Not all entertainment or hobbies can be enjoyed by everybody. If you don’t have a basic understanding of film history, you’ll probably not like most arthouse movies. Poetry might be a poison if you believe symbolism and rhythm are conspiracies made by English majors. Things like cooking or sports can be torturous if you don’t have the ability to do either. Even Russian avant-garde classical music is inaccessible if you don’t have a stick up your ass.

Similarly, with video games, your skill level may limit which games you enjoy. Dark Souls Remastered has received considerable praise, but it’s geared more toward seasoned gamers. For any new players, Dark Souls’ immense difficulty will skewer and roast them. No one wants to be punished for trying to have fun. Even masochists can agree with this. I think.

So how do you figure out your skill level? You could use online leaderboards or track your win-loss ratios, but that amount of objectivity is exhausting. Fortunately, I devised a completely arbitrary collection of attributes to judge your gaming abilities. For each attribute, I will give a brief explanation, and you must rate your mastery of that attribute on a scale of 1-5.

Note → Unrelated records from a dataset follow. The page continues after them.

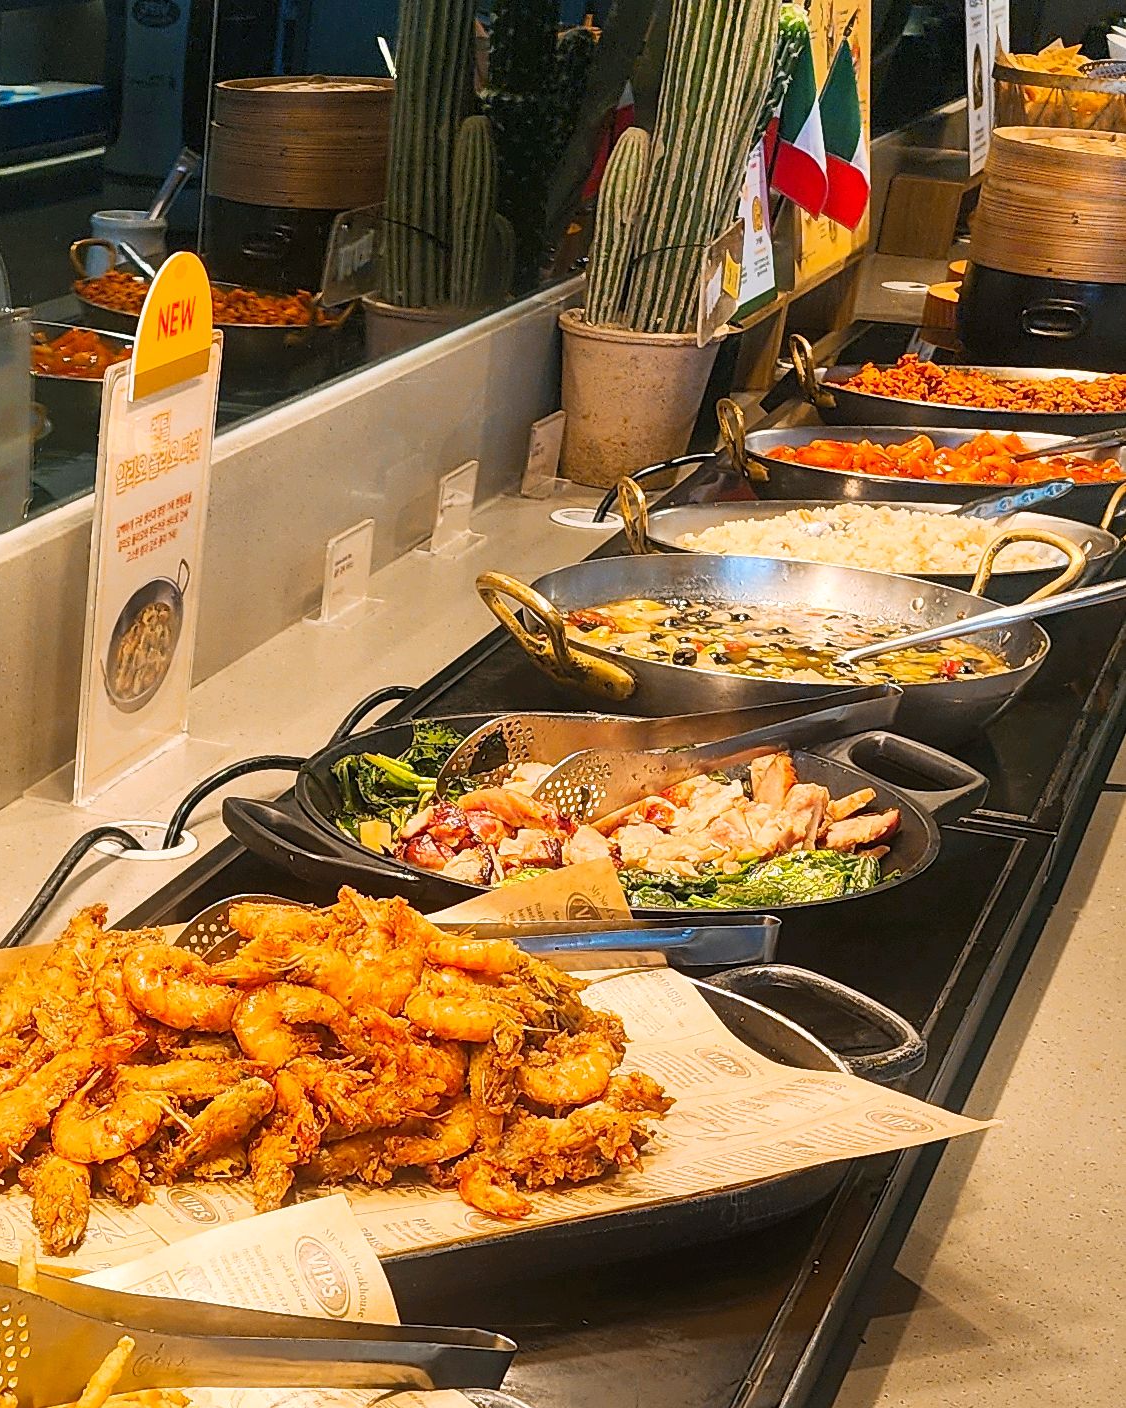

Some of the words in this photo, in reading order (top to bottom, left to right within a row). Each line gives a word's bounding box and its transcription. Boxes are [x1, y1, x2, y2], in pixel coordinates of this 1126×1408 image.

[157, 296, 197, 342] NEW
[707, 1053, 741, 1073] VIPS
[881, 1115, 920, 1132] VIPS
[177, 1195, 212, 1219] VIPS
[307, 1251, 343, 1298] VIPS
[350, 1262, 369, 1318] Steakhouse

A “1” means a sentient garbage fire is better at this skill than you are.  A “5” means you kick ass so hard that the donkey population is on the verge of extinction. A “3” shows your ability is somewhere between a living, flaming pile of garbage and unnecessary levels of animal abuse.  Your overall score across all categories is irrelevant. Instead, this system reveals your best skills, and this may help you determine which games are for you. It’s like you’re completing one of those Facebook quizzes except you won’t feel shame after this one.

Dexterity

Perhaps the skill most associated with gaming, dexterity determines how well you handle a controller. In a game like Rocket League, you must juggle boosts, the angle of your car, drifting, and successive jumps to pull off spectacular goals. For Fornite, victory favors those who rapidly flit between building components and weapons. In fighting games, stringing together combos will more likely guarantee a win.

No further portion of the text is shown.